# Work to complete
All of the data that follows is to be written out exactly, with images excluded.
BEGIN Data excerpts
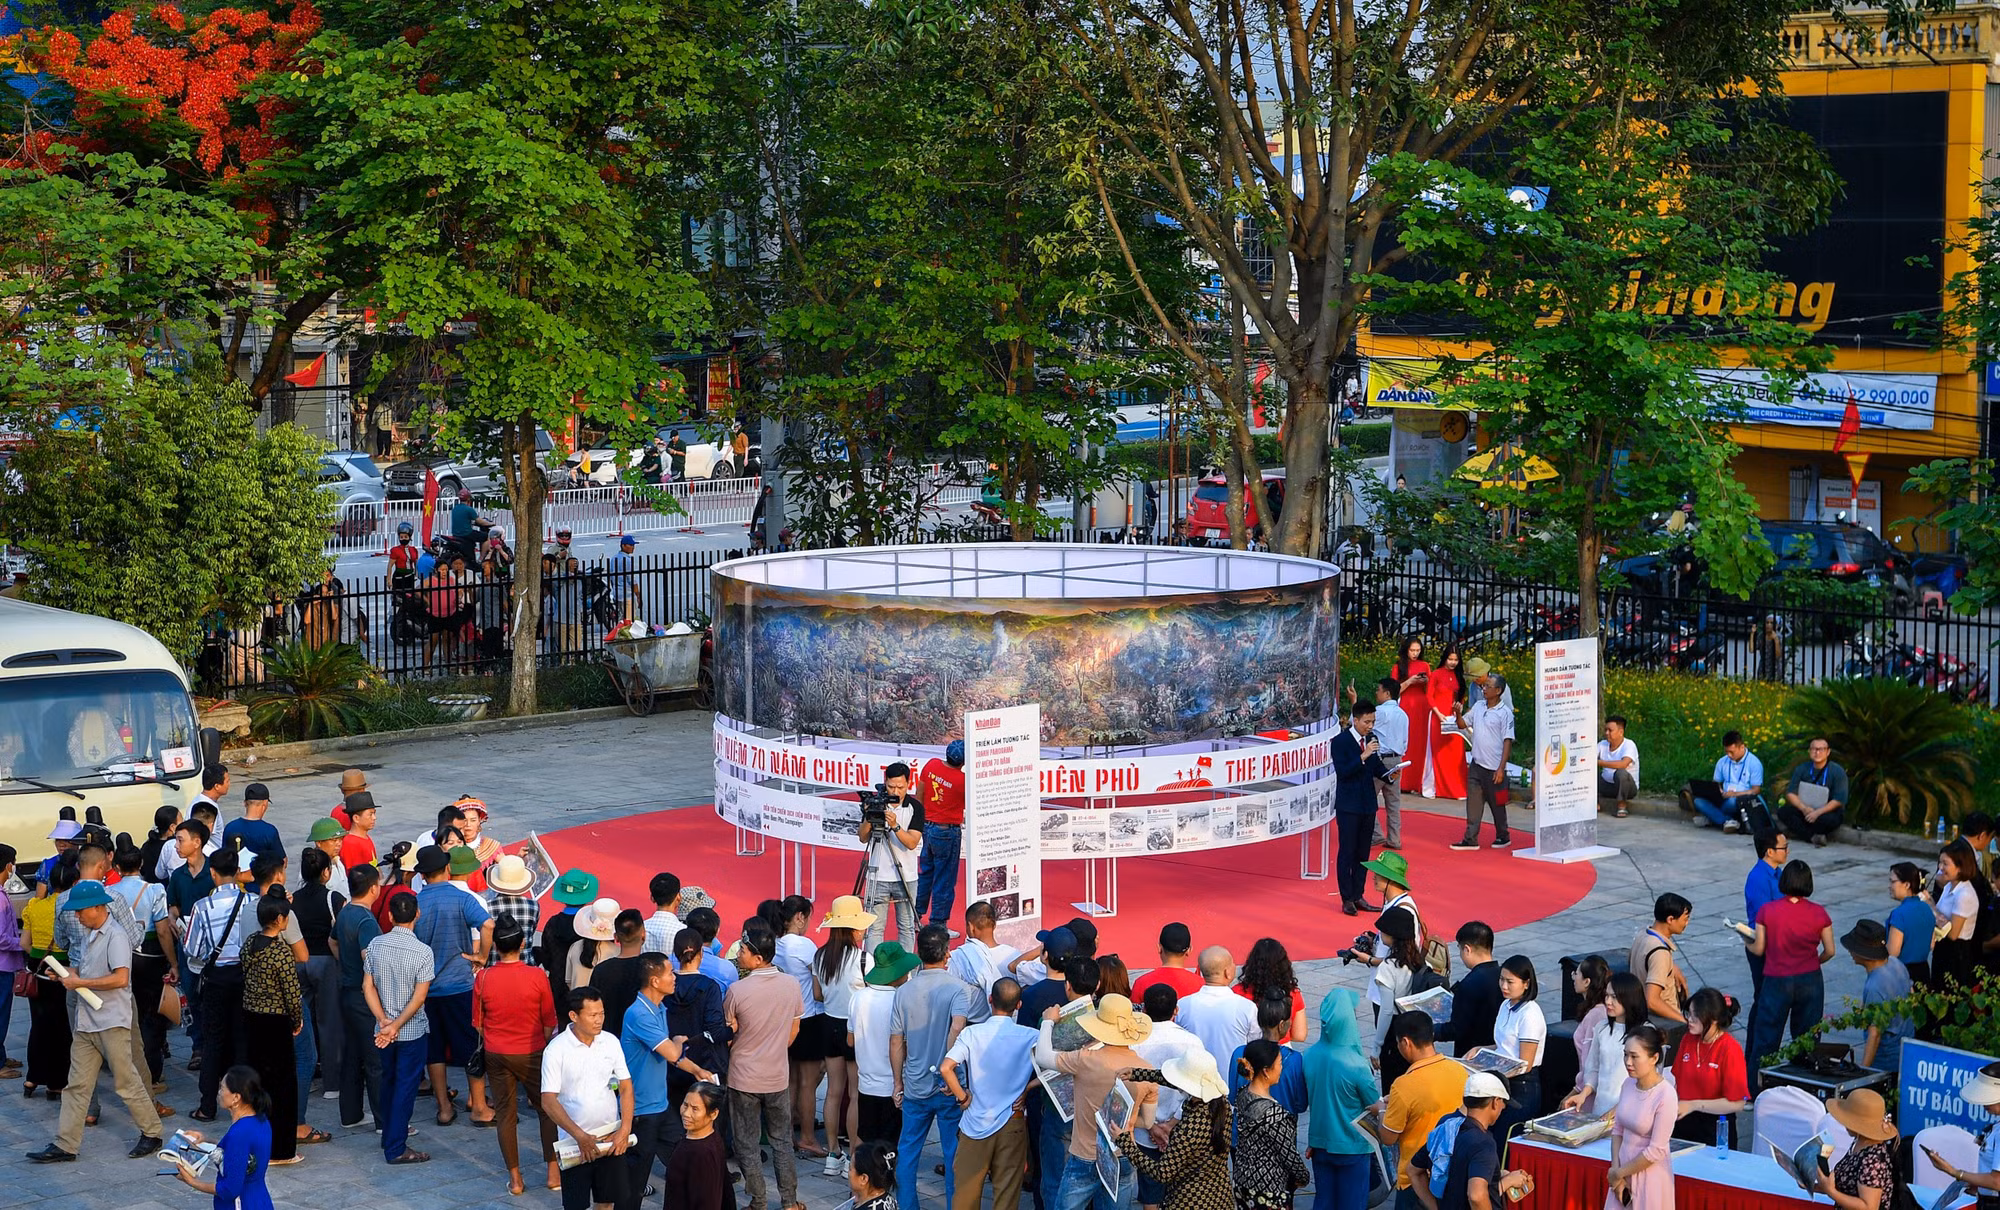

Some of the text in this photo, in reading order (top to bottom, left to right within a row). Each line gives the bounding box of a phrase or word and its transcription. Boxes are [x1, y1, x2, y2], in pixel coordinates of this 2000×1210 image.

[1870, 390, 1930, 405] 990.000
[174, 757, 184, 768] B
[725, 736, 747, 766] NIỆM
[752, 746, 766, 771] 70
[770, 748, 806, 779] NĂM
[814, 754, 869, 787] CHIẾN
[1226, 757, 1256, 784] THE
[1263, 741, 1328, 778] PANORAMA
[1096, 762, 1139, 792] PHỦ
[1917, 1060, 1948, 1084] QUÝ
[1908, 1086, 1929, 1110] TỰ
[1932, 1089, 1963, 1116] BẢO
END Data excerpts
# Output of the exercise
Some of the text in this photo, in reading order (top to bottom, left to right within a row). Each line gives the bounding box of a phrase or word and its transcription. Boxes are [x1, y1, x2, y2], in pixel coordinates of this 2000×1210 image.

[1870, 390, 1930, 405] 990.000
[174, 757, 184, 768] B
[725, 736, 747, 766] NIỆM
[752, 746, 766, 771] 70
[770, 748, 806, 779] NĂM
[814, 754, 869, 787] CHIẾN
[1226, 757, 1256, 784] THE
[1263, 741, 1328, 778] PANORAMA
[1096, 762, 1139, 792] PHỦ
[1917, 1060, 1948, 1084] QUÝ
[1908, 1086, 1929, 1110] TỰ
[1932, 1089, 1963, 1116] BẢO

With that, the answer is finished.